BEGIN Provided data
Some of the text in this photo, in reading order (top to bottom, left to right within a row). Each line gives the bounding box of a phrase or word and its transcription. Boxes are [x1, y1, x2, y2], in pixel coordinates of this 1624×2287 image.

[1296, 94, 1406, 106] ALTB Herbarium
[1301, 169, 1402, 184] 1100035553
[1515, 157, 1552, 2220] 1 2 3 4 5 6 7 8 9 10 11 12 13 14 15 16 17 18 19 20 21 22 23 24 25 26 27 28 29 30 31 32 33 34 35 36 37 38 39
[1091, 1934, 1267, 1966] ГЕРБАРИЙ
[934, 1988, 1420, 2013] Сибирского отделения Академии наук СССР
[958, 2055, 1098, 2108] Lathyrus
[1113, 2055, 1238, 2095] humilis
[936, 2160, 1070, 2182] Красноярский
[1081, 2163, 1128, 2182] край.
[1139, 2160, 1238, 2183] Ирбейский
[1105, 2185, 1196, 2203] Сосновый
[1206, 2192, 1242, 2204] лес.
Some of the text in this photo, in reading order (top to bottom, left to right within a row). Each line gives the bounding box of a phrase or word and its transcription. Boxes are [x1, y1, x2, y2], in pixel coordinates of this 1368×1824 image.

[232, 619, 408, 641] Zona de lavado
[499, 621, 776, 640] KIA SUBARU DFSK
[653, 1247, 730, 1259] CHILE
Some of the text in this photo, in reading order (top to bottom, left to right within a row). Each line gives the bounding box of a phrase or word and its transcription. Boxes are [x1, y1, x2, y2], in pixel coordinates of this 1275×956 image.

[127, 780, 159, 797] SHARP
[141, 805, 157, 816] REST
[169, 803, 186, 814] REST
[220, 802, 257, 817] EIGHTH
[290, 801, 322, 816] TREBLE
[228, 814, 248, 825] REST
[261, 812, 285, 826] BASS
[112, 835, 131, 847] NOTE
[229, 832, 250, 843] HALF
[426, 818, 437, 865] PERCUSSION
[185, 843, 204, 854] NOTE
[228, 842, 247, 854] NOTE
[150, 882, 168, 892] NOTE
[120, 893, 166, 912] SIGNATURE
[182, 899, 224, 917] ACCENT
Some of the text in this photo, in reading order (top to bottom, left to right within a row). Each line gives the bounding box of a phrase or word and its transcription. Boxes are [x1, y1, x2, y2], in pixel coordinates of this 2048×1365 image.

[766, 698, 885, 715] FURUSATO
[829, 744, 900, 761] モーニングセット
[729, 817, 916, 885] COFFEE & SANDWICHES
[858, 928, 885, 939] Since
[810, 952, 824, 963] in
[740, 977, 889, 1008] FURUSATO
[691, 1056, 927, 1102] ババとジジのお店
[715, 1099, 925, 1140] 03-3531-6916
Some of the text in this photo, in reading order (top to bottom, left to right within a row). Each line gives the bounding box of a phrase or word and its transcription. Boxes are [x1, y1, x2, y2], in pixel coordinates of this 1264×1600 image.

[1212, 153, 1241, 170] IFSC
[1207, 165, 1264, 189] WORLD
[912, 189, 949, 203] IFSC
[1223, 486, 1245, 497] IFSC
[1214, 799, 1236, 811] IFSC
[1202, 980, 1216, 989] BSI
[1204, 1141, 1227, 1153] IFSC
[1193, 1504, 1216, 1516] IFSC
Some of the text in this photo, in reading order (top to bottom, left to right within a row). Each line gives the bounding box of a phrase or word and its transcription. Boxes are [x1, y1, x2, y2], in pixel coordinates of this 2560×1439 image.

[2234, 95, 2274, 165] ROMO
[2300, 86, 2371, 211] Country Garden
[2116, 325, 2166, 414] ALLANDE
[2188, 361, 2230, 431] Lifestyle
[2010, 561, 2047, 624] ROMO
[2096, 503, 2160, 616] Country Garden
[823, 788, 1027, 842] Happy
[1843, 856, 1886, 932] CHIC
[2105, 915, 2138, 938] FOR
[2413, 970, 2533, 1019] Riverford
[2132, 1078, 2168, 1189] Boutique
END Provided data
Activity
Your task is to reproduce exactly the lines that begin with the one containing "this 1264×1600 image." and continue to the end of the data, both ends included.

Output for this exercise
Some of the text in this photo, in reading order (top to bottom, left to right within a row). Each line gives the bounding box of a phrase or word and its transcription. Boxes are [x1, y1, x2, y2], in pixel coordinates of this 1264×1600 image.

[1212, 153, 1241, 170] IFSC
[1207, 165, 1264, 189] WORLD
[912, 189, 949, 203] IFSC
[1223, 486, 1245, 497] IFSC
[1214, 799, 1236, 811] IFSC
[1202, 980, 1216, 989] BSI
[1204, 1141, 1227, 1153] IFSC
[1193, 1504, 1216, 1516] IFSC
Some of the text in this photo, in reading order (top to bottom, left to right within a row). Each line gives the bounding box of a phrase or word and its transcription. Boxes are [x1, y1, x2, y2], in pixel coordinates of this 2560×1439 image.

[2234, 95, 2274, 165] ROMO
[2300, 86, 2371, 211] Country Garden
[2116, 325, 2166, 414] ALLANDE
[2188, 361, 2230, 431] Lifestyle
[2010, 561, 2047, 624] ROMO
[2096, 503, 2160, 616] Country Garden
[823, 788, 1027, 842] Happy
[1843, 856, 1886, 932] CHIC
[2105, 915, 2138, 938] FOR
[2413, 970, 2533, 1019] Riverford
[2132, 1078, 2168, 1189] Boutique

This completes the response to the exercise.